Given entries below:
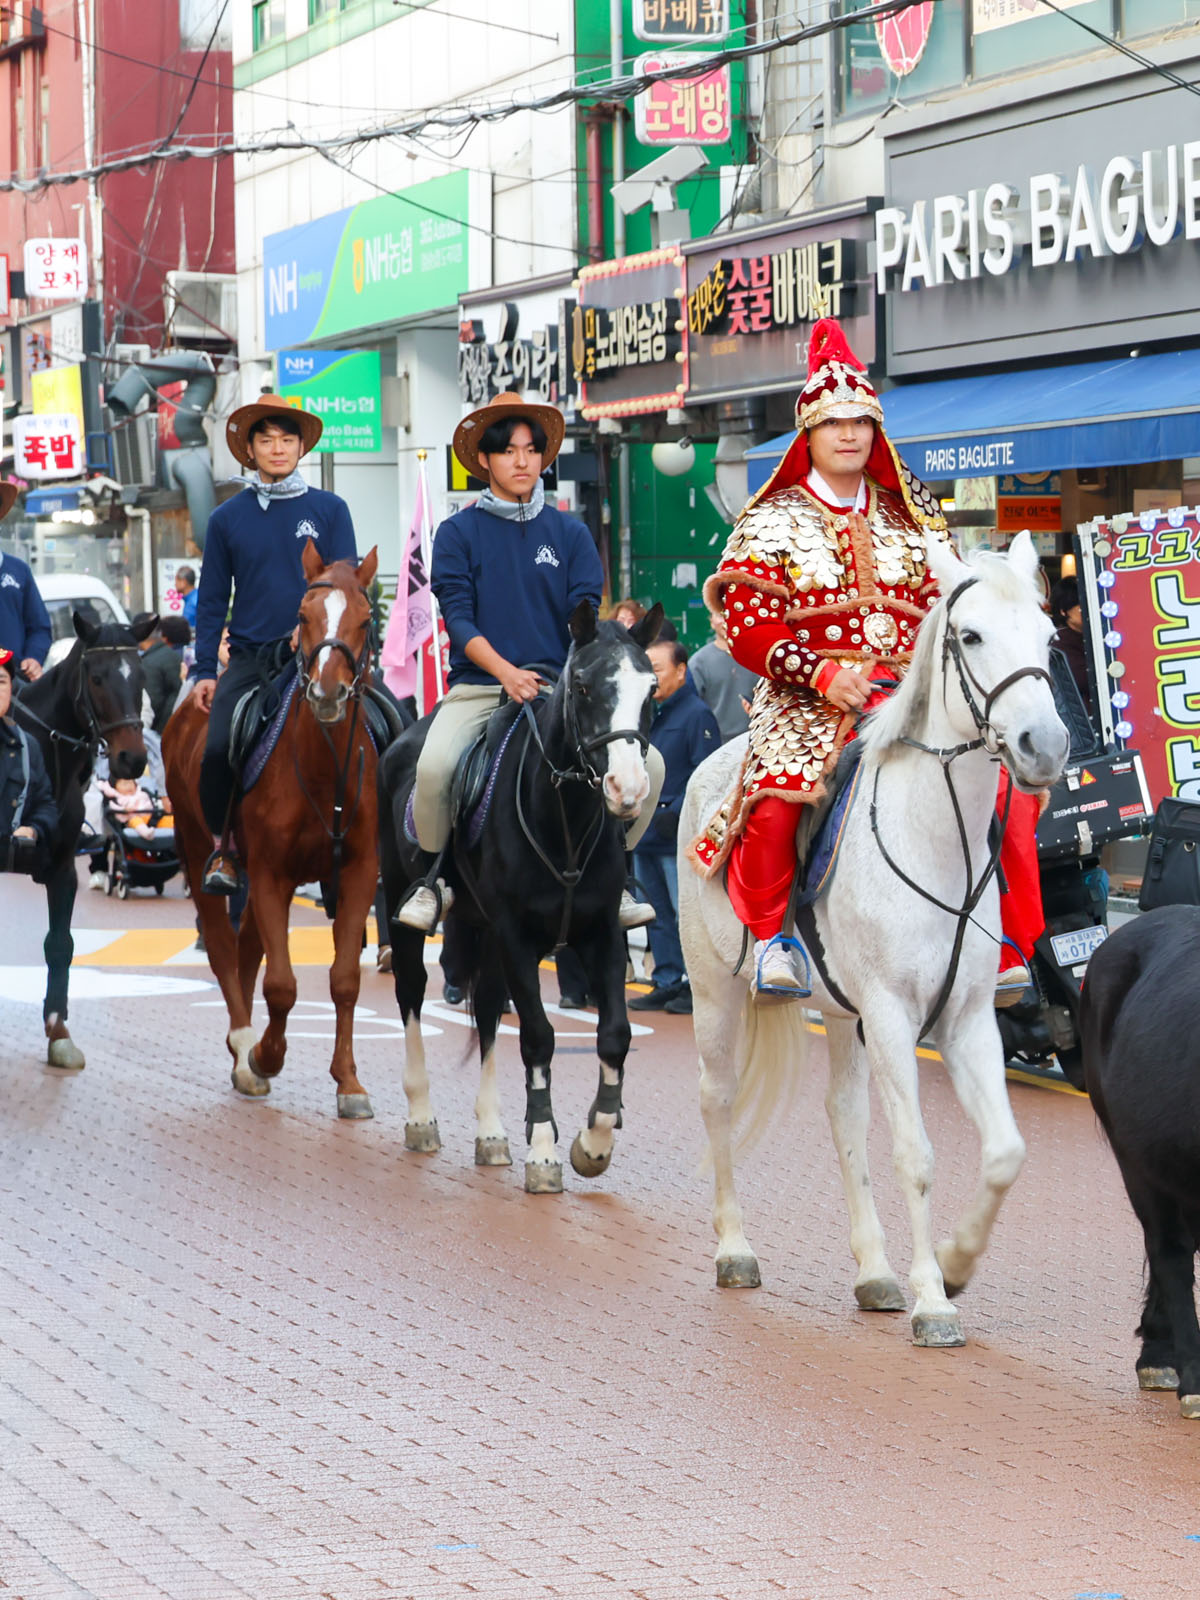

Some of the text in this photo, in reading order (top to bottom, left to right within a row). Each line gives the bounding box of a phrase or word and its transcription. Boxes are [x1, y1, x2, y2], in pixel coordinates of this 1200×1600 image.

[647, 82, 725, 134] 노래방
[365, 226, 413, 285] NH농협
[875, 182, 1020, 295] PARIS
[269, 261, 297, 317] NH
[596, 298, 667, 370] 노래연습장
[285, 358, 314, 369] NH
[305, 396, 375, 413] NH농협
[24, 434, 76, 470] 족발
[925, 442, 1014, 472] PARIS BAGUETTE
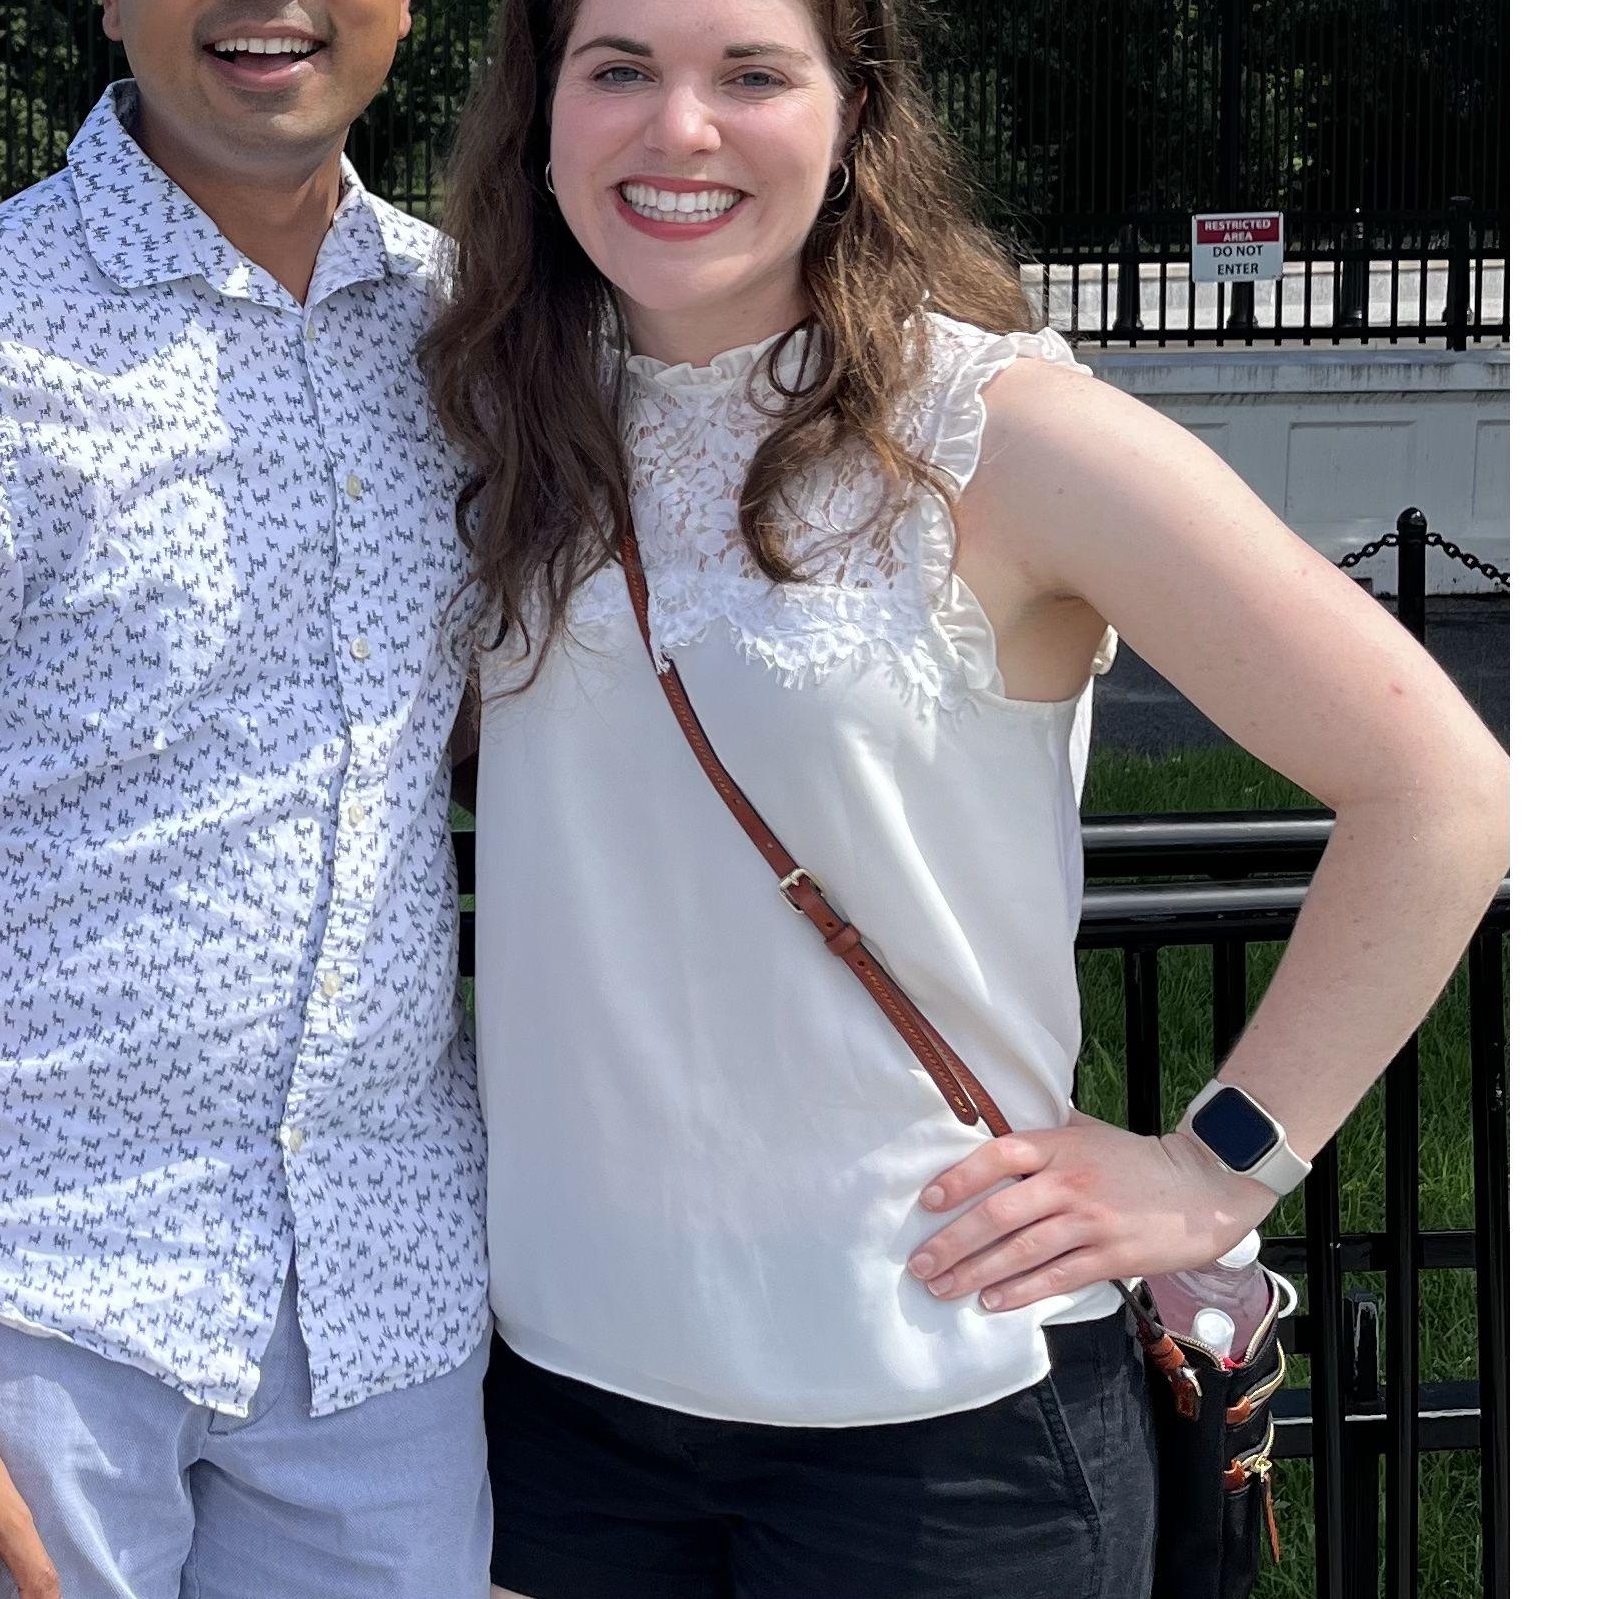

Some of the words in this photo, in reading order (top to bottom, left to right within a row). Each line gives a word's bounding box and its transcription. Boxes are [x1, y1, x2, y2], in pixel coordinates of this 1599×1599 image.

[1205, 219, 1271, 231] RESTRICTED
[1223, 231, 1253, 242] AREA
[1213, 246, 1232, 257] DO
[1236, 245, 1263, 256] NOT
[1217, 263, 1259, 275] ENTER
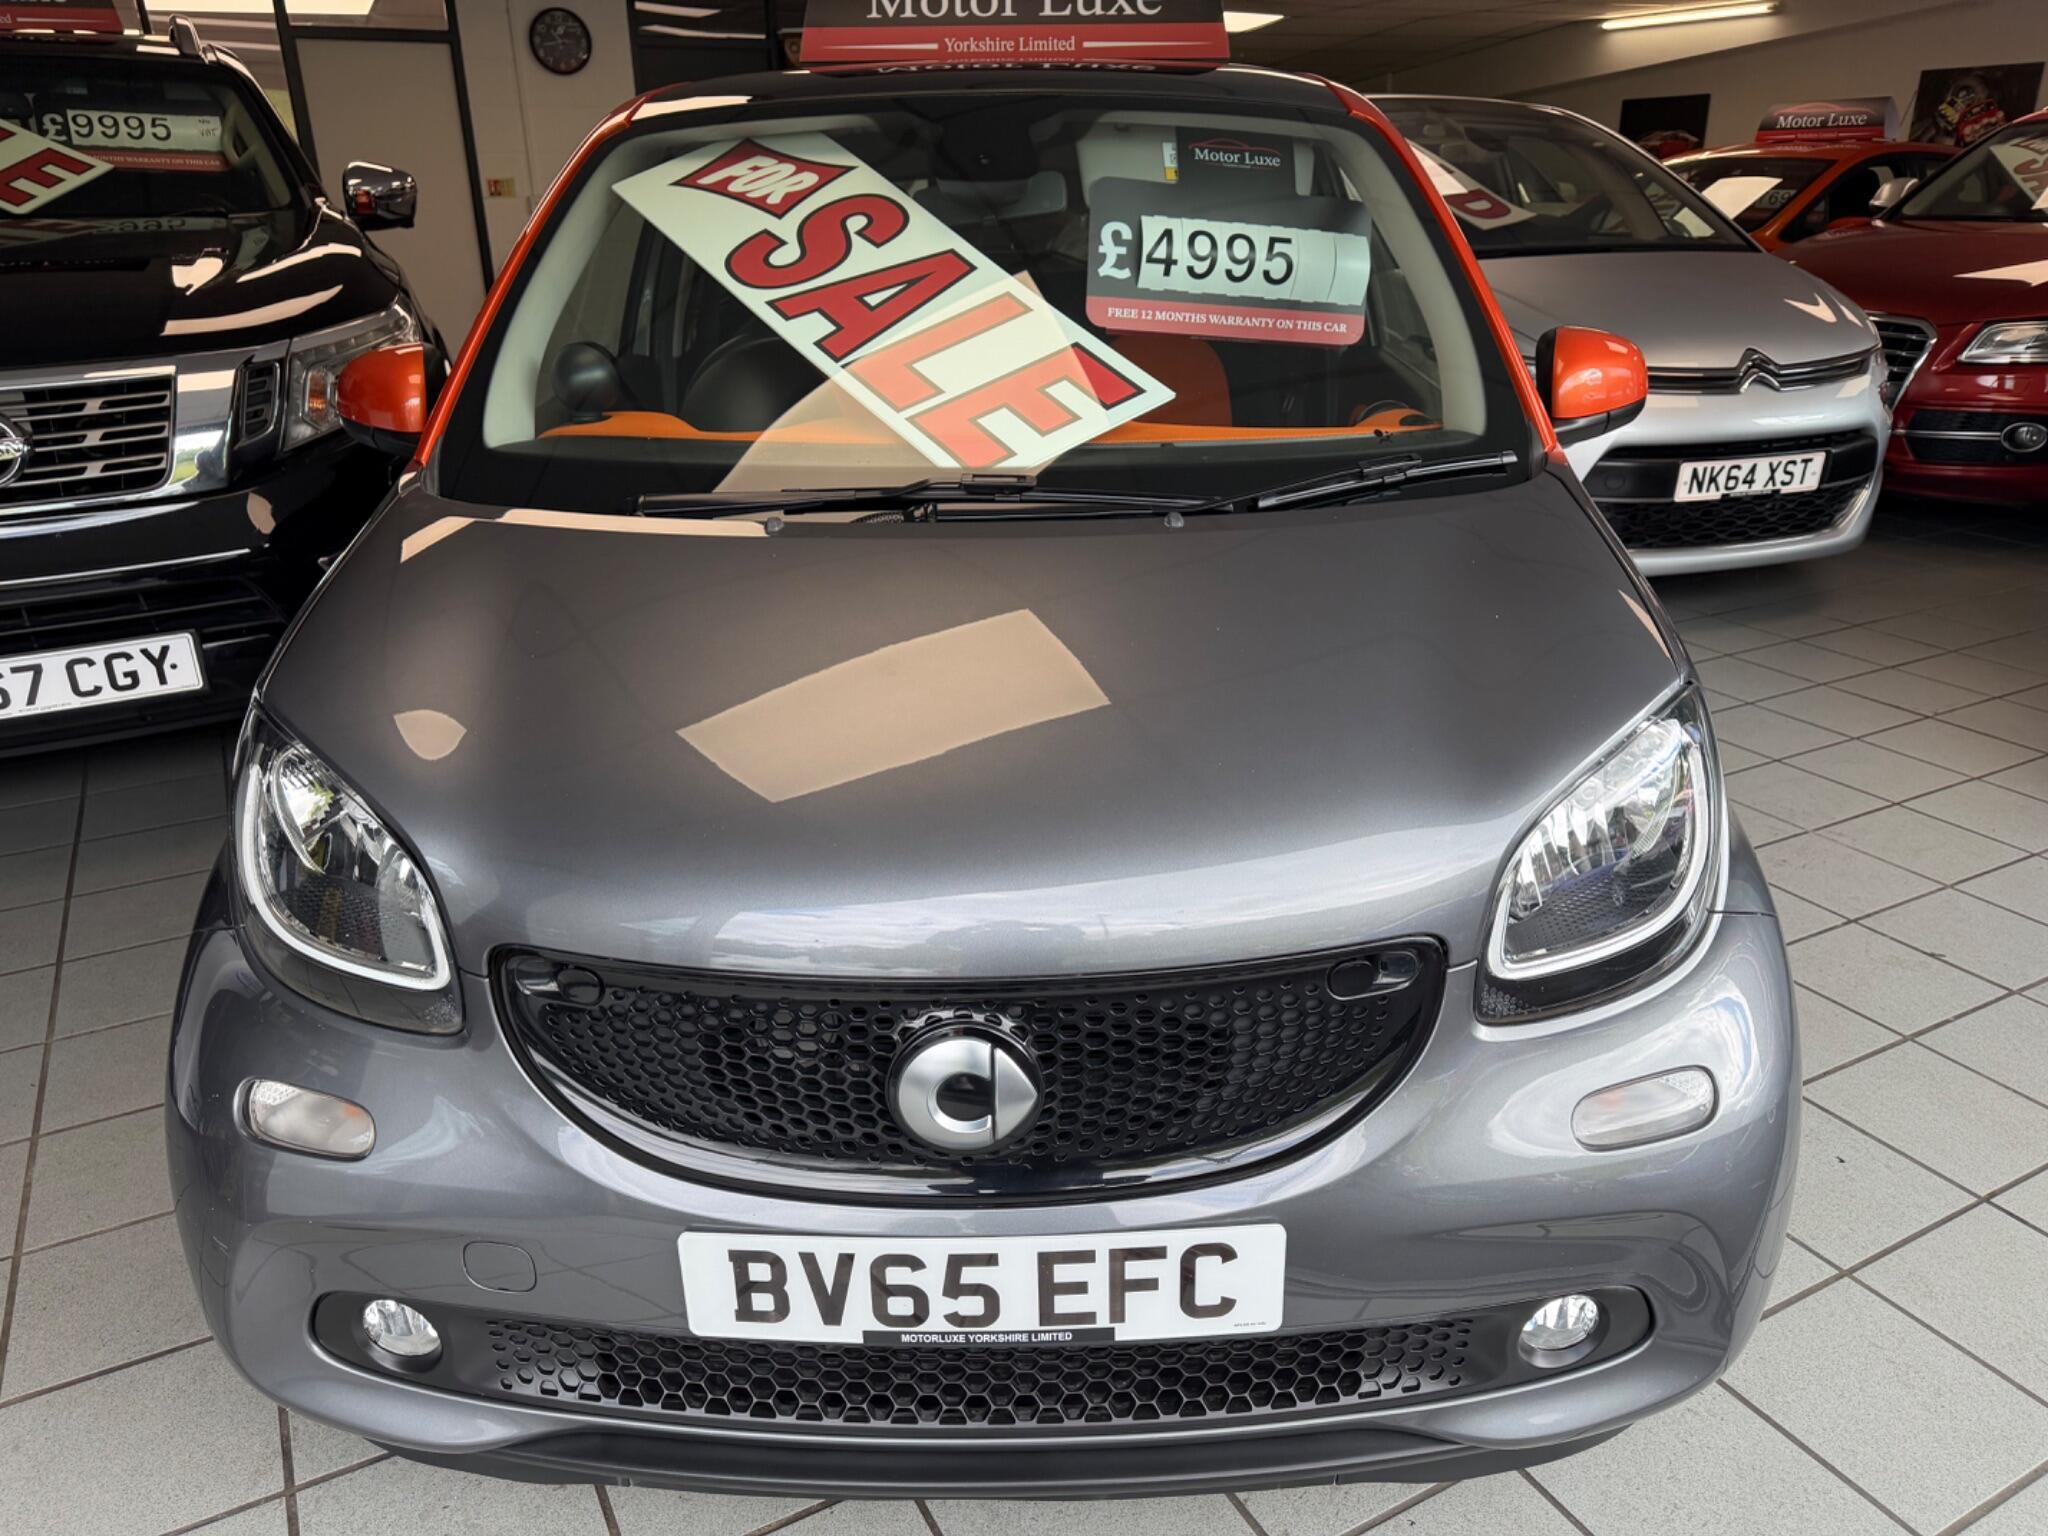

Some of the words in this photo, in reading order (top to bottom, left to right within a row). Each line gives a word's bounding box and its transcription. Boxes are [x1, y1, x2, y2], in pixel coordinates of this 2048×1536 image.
End of Given entries.
== What to do ==
Every record, word for word, should be given back without its pictures.

== Output for this exercise ==
Some of the text in this photo, in reading order (top to bottom, left to right within a row). Each line gives the bounding box of a phrase or word and its transcription. Boxes are [x1, y1, x2, y2], in pixel coordinates of this 1200×1600 image.

[647, 82, 725, 134] 노래방
[365, 226, 413, 285] NH농협
[875, 182, 1020, 295] PARIS
[269, 261, 297, 317] NH
[596, 298, 667, 370] 노래연습장
[285, 358, 314, 369] NH
[305, 396, 375, 413] NH농협
[24, 434, 76, 470] 족발
[925, 442, 1014, 472] PARIS BAGUETTE

Some of the words in this photo, in reading order (top to bottom, left to right within a row). Each line gives a word's bounding box and its transcription. Boxes are [x1, y1, x2, y2], in pixel coordinates of this 1599×1599 image.

[1205, 219, 1271, 231] RESTRICTED
[1223, 231, 1253, 242] AREA
[1213, 246, 1232, 257] DO
[1236, 245, 1263, 256] NOT
[1217, 263, 1259, 275] ENTER

Some of the words in this photo, in reading order (top to bottom, left to right within a row). Each line gives a word's bounding box and its transcription. Boxes are [x1, y1, x2, y2], in pixel coordinates of this 2048×1536 image.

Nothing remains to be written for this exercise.